About this task
Word for word, give the records again, dropping any picture they hold.

⟨

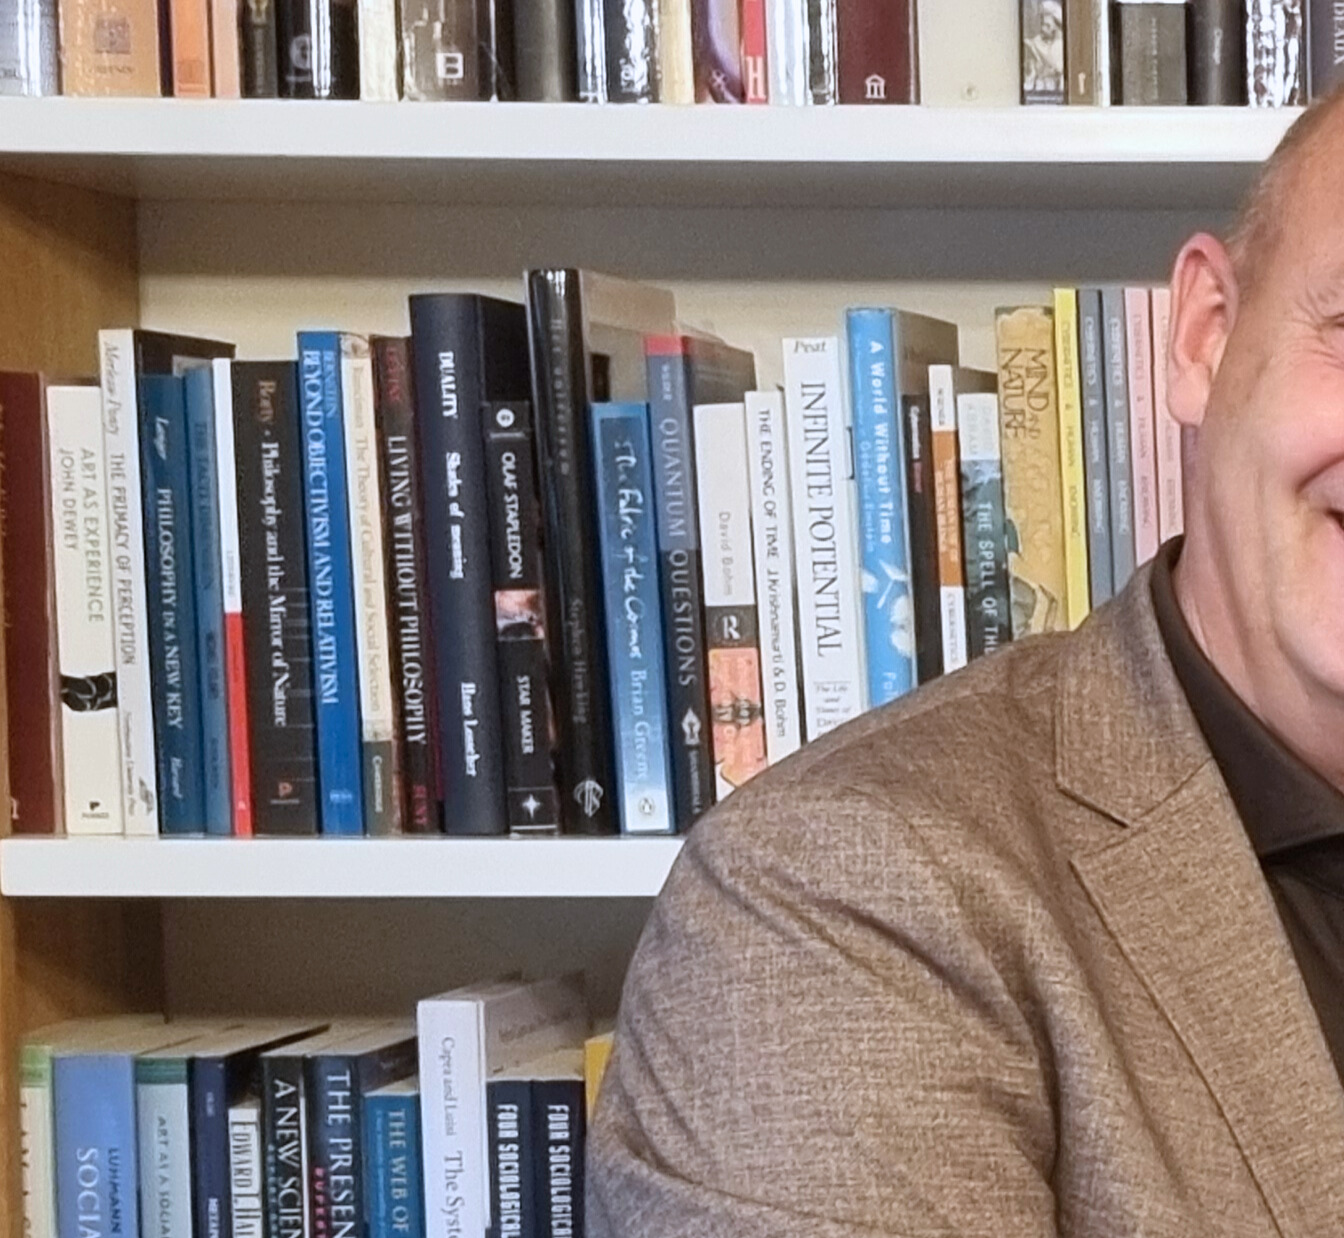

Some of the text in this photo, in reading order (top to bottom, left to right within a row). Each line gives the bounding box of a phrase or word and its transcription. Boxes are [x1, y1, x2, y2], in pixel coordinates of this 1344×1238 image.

[1003, 348, 1021, 438] NATURE
[1025, 349, 1049, 412] MIND
[758, 408, 778, 557] THE ENDING OF TIME
[870, 341, 894, 545] A World Without Time
[59, 447, 78, 550] JOHN DEWEY
[81, 449, 104, 622] ART AS EXPERIENCE
[303, 350, 338, 704] BEYOND OBJECTIVISM AND RELATIVISM
[503, 452, 523, 578] OLAF STAPLEDON
[800, 382, 842, 657] INFINITE POTENTIAL
[109, 453, 136, 665] THE PRIMACY OF PERCEPTION
[258, 380, 290, 727] Rorty Philosophy and the Mirror of Nature
[388, 435, 424, 744] LIVING WITHOUT PHILOSOPHY
[660, 418, 697, 686] QUANTUM QUESTIONS
[156, 488, 183, 729] PHILOSOPHY IN A NEW KEY
[517, 675, 534, 753] STAR MAKER
[275, 1079, 293, 1099] A
[326, 1070, 352, 1126] THE
[389, 1109, 407, 1149] THE
[497, 1104, 520, 1141] FOUR
[548, 1104, 569, 1141] FOUR
[276, 1105, 298, 1167] NEW
[390, 1155, 409, 1202] WEB
[444, 1151, 465, 1191] The
[108, 1147, 122, 1233] LUHMANN
[392, 1207, 410, 1236] OF

⟩

Solution for this task
Some of the text in this photo, in reading order (top to bottom, left to right within a row). Each line gives the bounding box of a phrase or word and its transcription. Boxes are [x1, y1, x2, y2], in pixel coordinates of this 1344×1238 image.

[1003, 348, 1021, 438] NATURE
[1025, 349, 1049, 412] MIND
[758, 408, 778, 557] THE ENDING OF TIME
[870, 341, 894, 545] A World Without Time
[59, 447, 78, 550] JOHN DEWEY
[81, 449, 104, 622] ART AS EXPERIENCE
[303, 350, 338, 704] BEYOND OBJECTIVISM AND RELATIVISM
[503, 452, 523, 578] OLAF STAPLEDON
[800, 382, 842, 657] INFINITE POTENTIAL
[109, 453, 136, 665] THE PRIMACY OF PERCEPTION
[258, 380, 290, 727] Rorty Philosophy and the Mirror of Nature
[388, 435, 424, 744] LIVING WITHOUT PHILOSOPHY
[660, 418, 697, 686] QUANTUM QUESTIONS
[156, 488, 183, 729] PHILOSOPHY IN A NEW KEY
[517, 675, 534, 753] STAR MAKER
[275, 1079, 293, 1099] A
[326, 1070, 352, 1126] THE
[389, 1109, 407, 1149] THE
[497, 1104, 520, 1141] FOUR
[548, 1104, 569, 1141] FOUR
[276, 1105, 298, 1167] NEW
[390, 1155, 409, 1202] WEB
[444, 1151, 465, 1191] The
[108, 1147, 122, 1233] LUHMANN
[392, 1207, 410, 1236] OF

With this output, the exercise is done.